(Spatial localization data)
━━━━━━━━━━━━━━━━━━━━━━━━━━━━━━
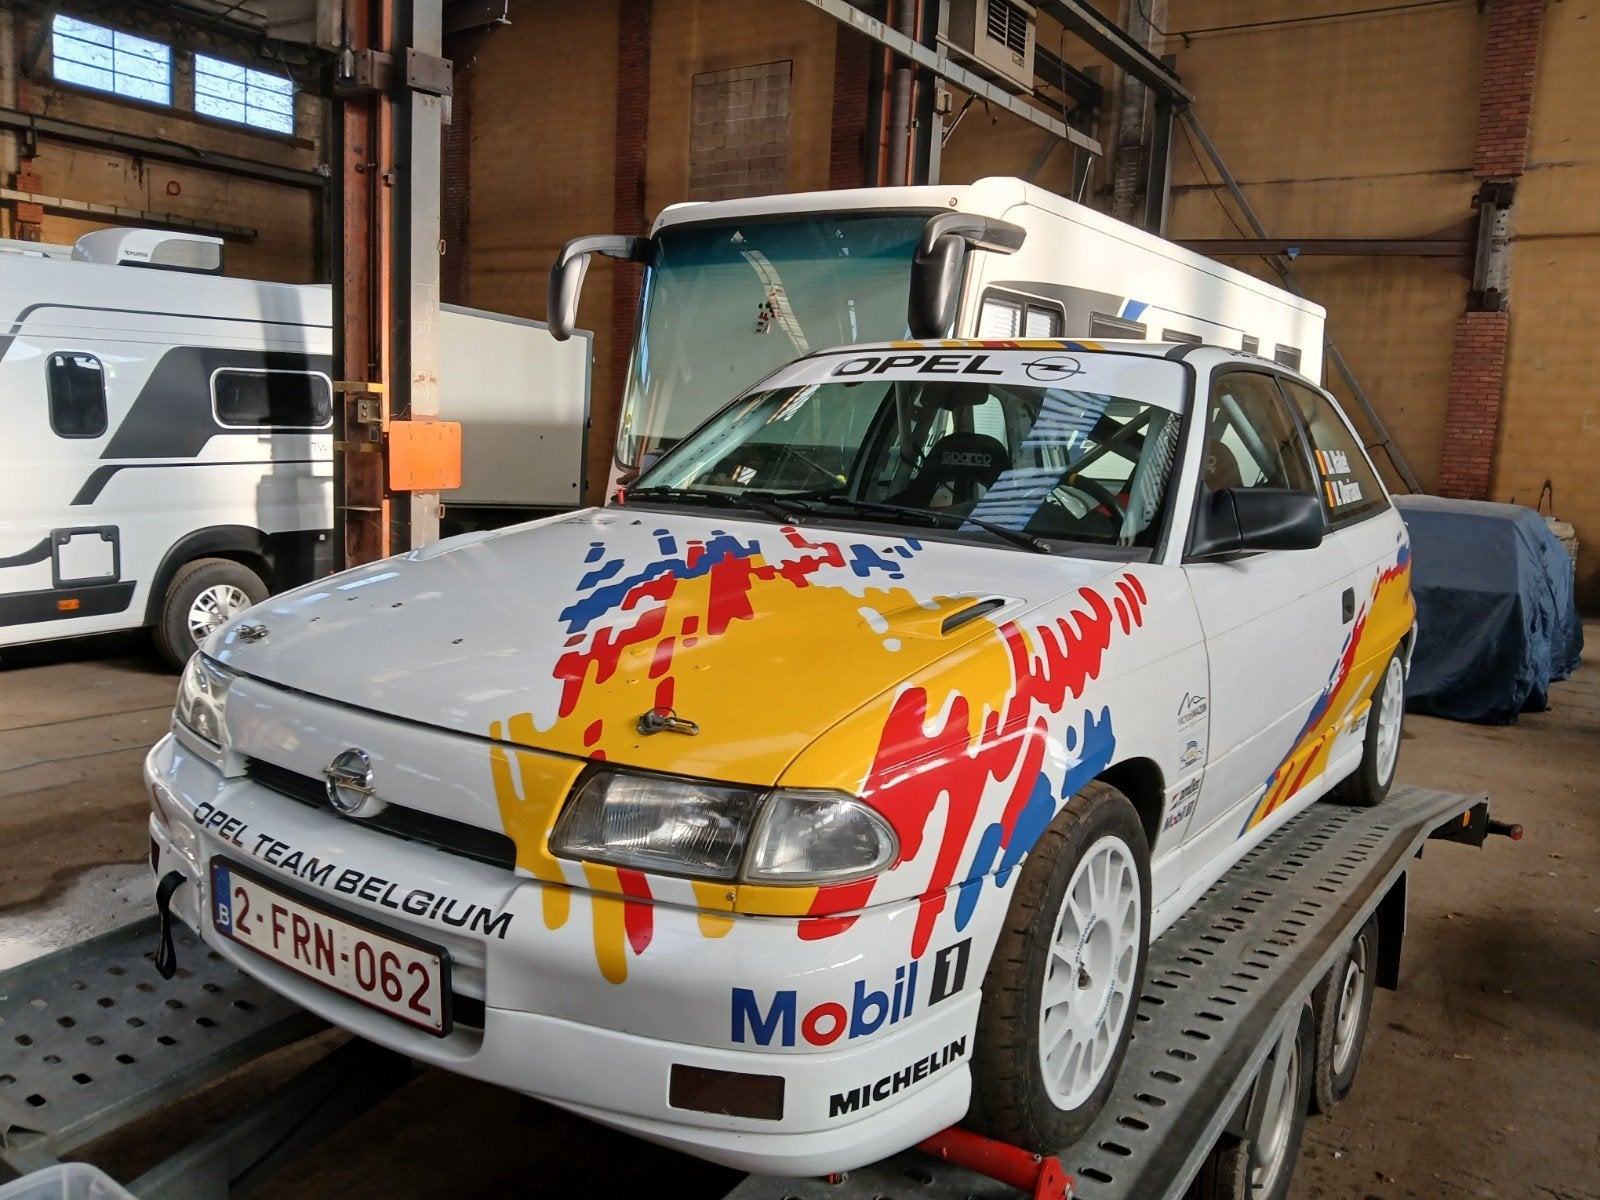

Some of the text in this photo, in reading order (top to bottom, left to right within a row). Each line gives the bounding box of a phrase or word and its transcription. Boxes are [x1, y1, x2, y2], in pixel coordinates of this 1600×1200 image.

[831, 354, 1003, 377] OPEL
[193, 801, 515, 939] OPEL TEAM BELGIUM
[217, 903, 230, 926] B
[731, 960, 919, 1047] Mobil
[828, 1034, 967, 1118] MICHELIN
━━━━━━━━━━━━━━━━━━━━━━━━━━━━━━
▸ **Brief**:
The data above are to be repeated word for word, with any pictures left out.

▸ **Task answer**:
Some of the text in this photo, in reading order (top to bottom, left to right within a row). Each line gives the bounding box of a phrase or word and its transcription. Boxes are [x1, y1, x2, y2], in pixel coordinates of this 1600×1200 image.

[831, 354, 1003, 377] OPEL
[193, 801, 515, 939] OPEL TEAM BELGIUM
[217, 903, 230, 926] B
[731, 960, 919, 1047] Mobil
[828, 1034, 967, 1118] MICHELIN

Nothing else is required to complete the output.